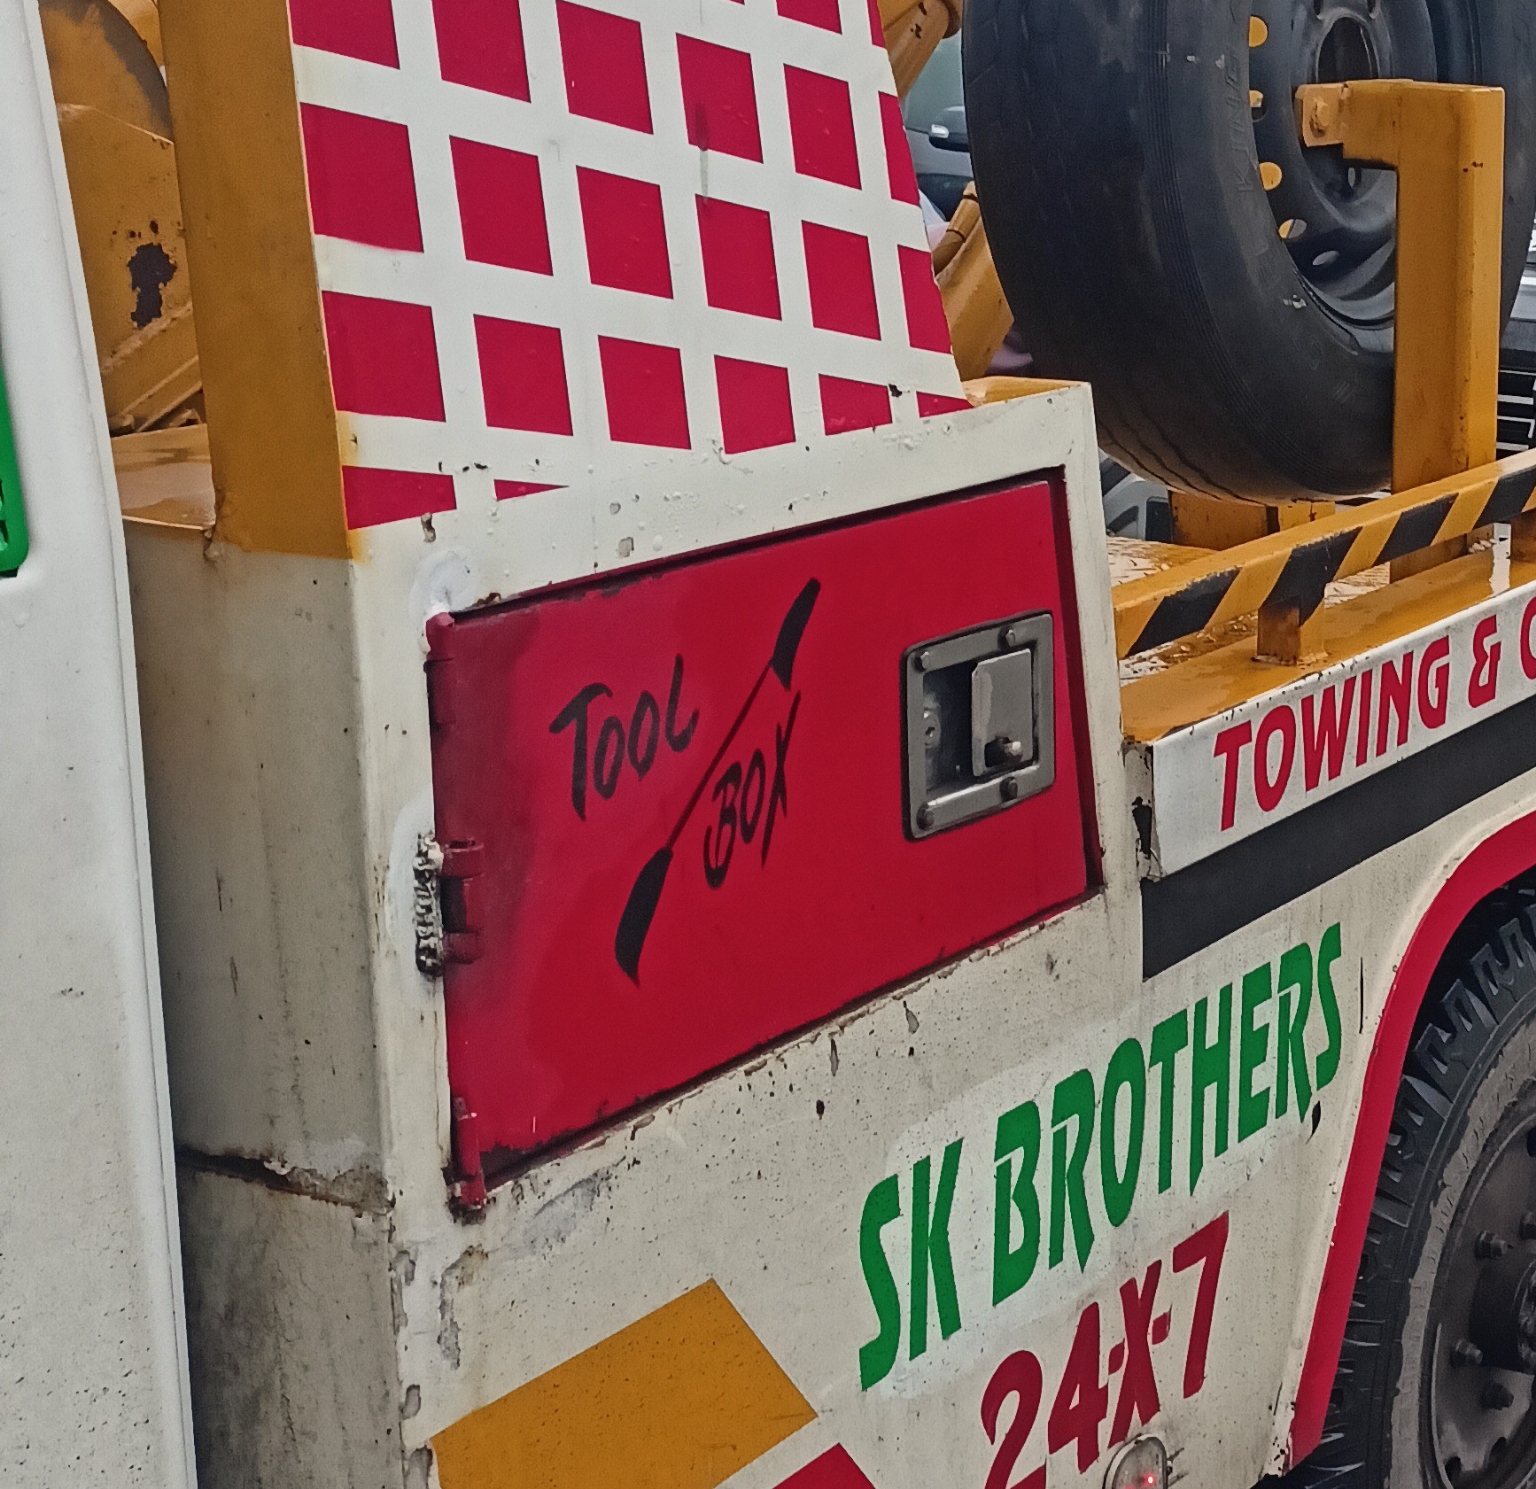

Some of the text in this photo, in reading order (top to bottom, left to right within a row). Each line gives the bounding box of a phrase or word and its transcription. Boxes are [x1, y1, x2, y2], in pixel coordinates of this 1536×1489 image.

[549, 652, 700, 822] TOOL
[703, 689, 802, 890] BOX
[1213, 634, 1450, 833] TOWING
[1468, 614, 1502, 709] &
[858, 921, 1342, 1392] SK BROTHERS
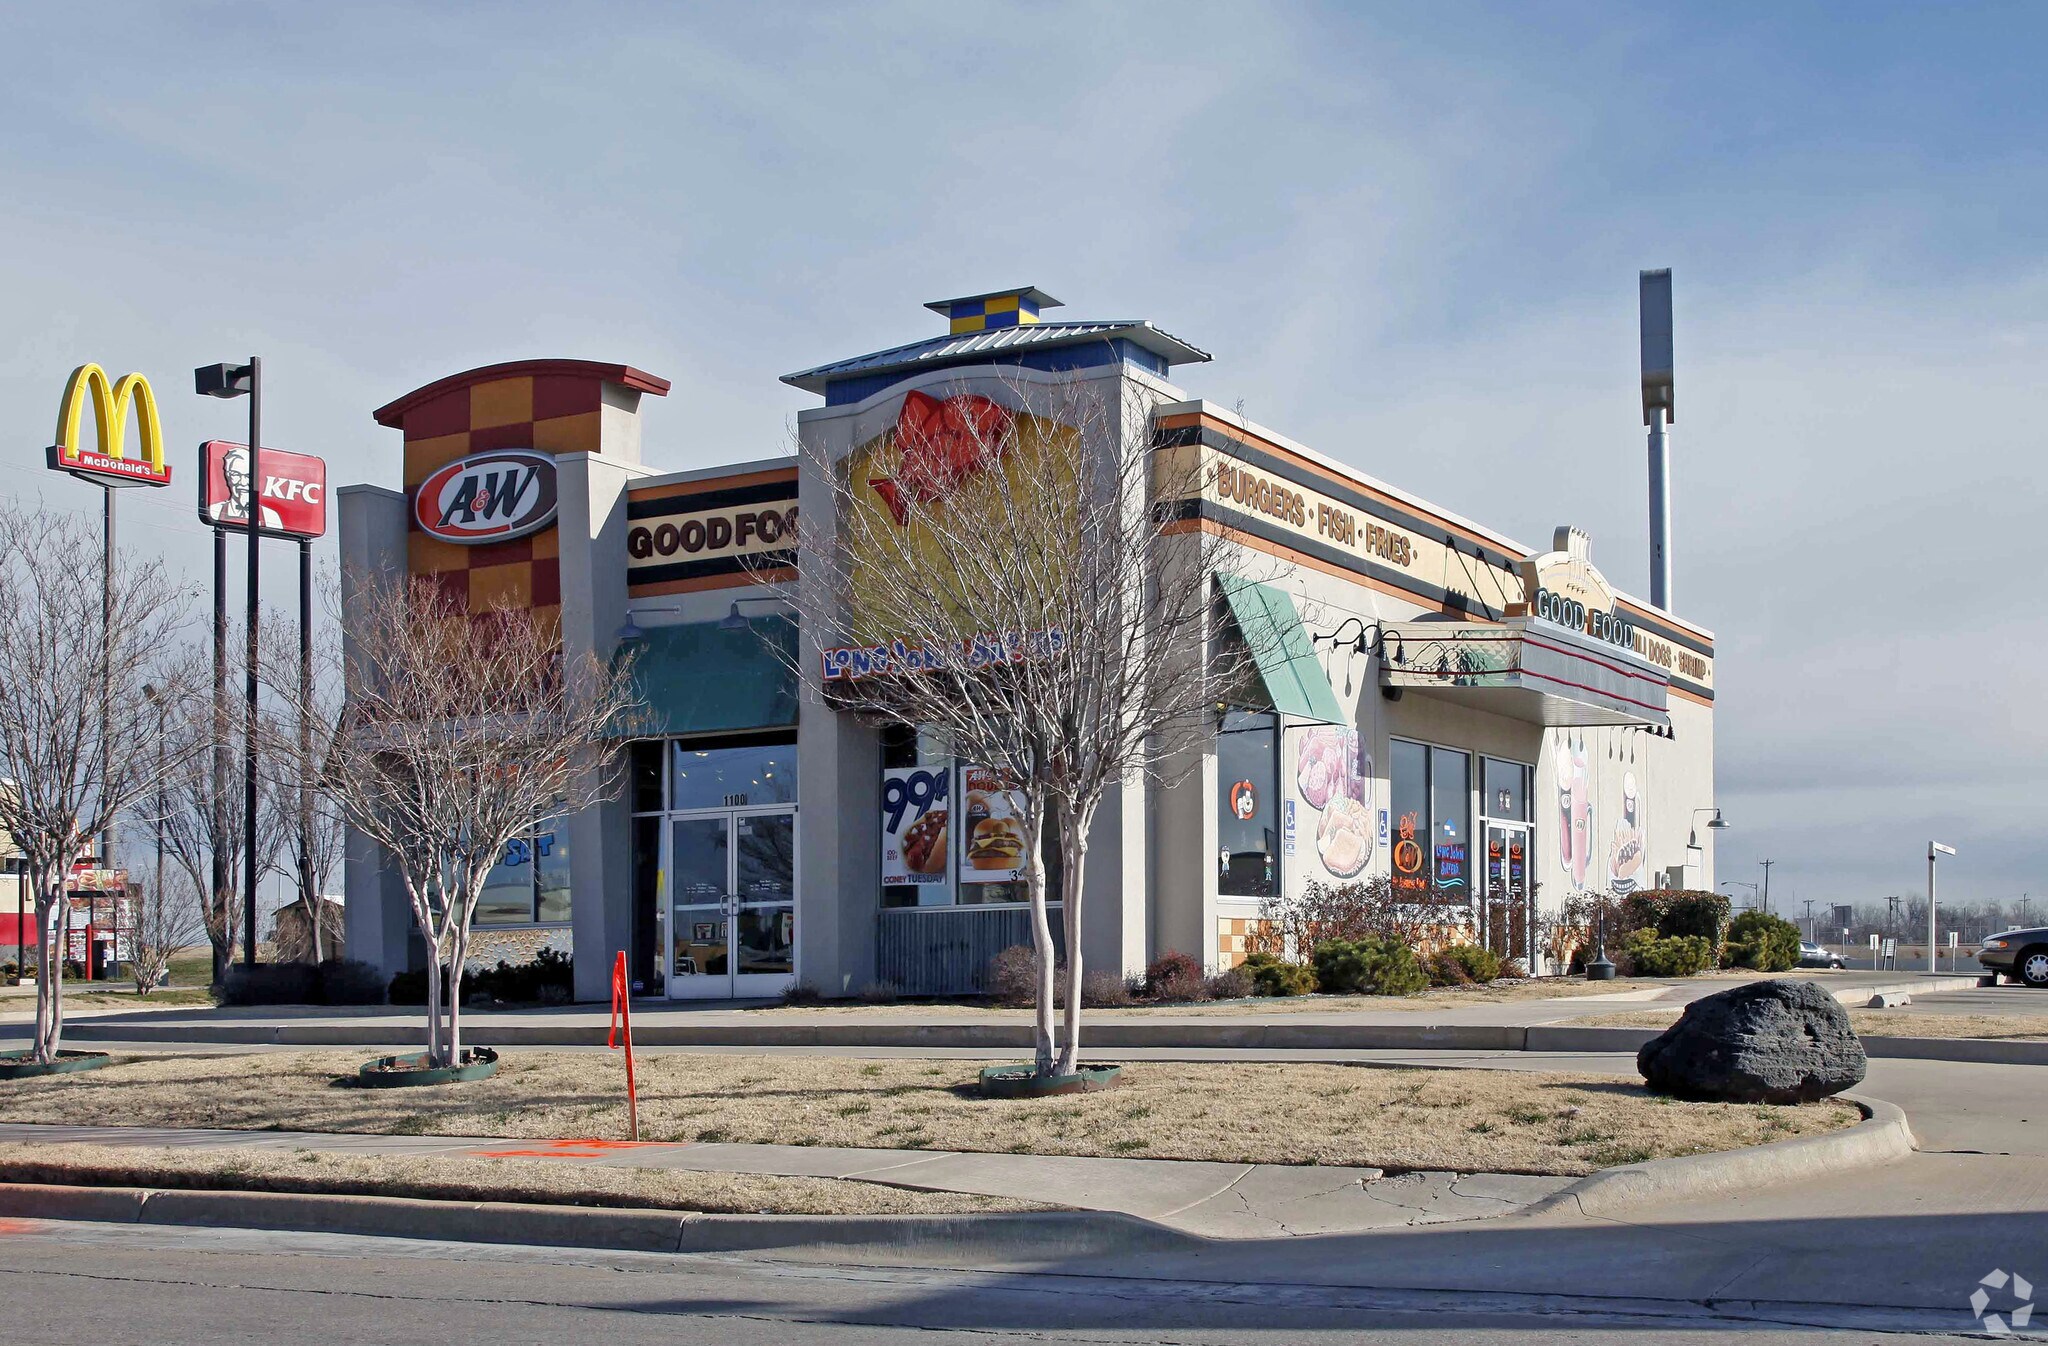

◆ ◆ ◆

-- Problem --
Please copy the data above exactly, omitting the pictures.

-- Solved problem --
Some of the text in this photo, in reading order (top to bottom, left to right within a row). Each line gives the bounding box of a phrase or word and its transcription. Boxes are [x1, y1, x2, y2], in pixel coordinates of this 1536×1489 image.

[549, 652, 700, 822] TOOL
[703, 689, 802, 890] BOX
[1213, 634, 1450, 833] TOWING
[1468, 614, 1502, 709] &
[858, 921, 1342, 1392] SK BROTHERS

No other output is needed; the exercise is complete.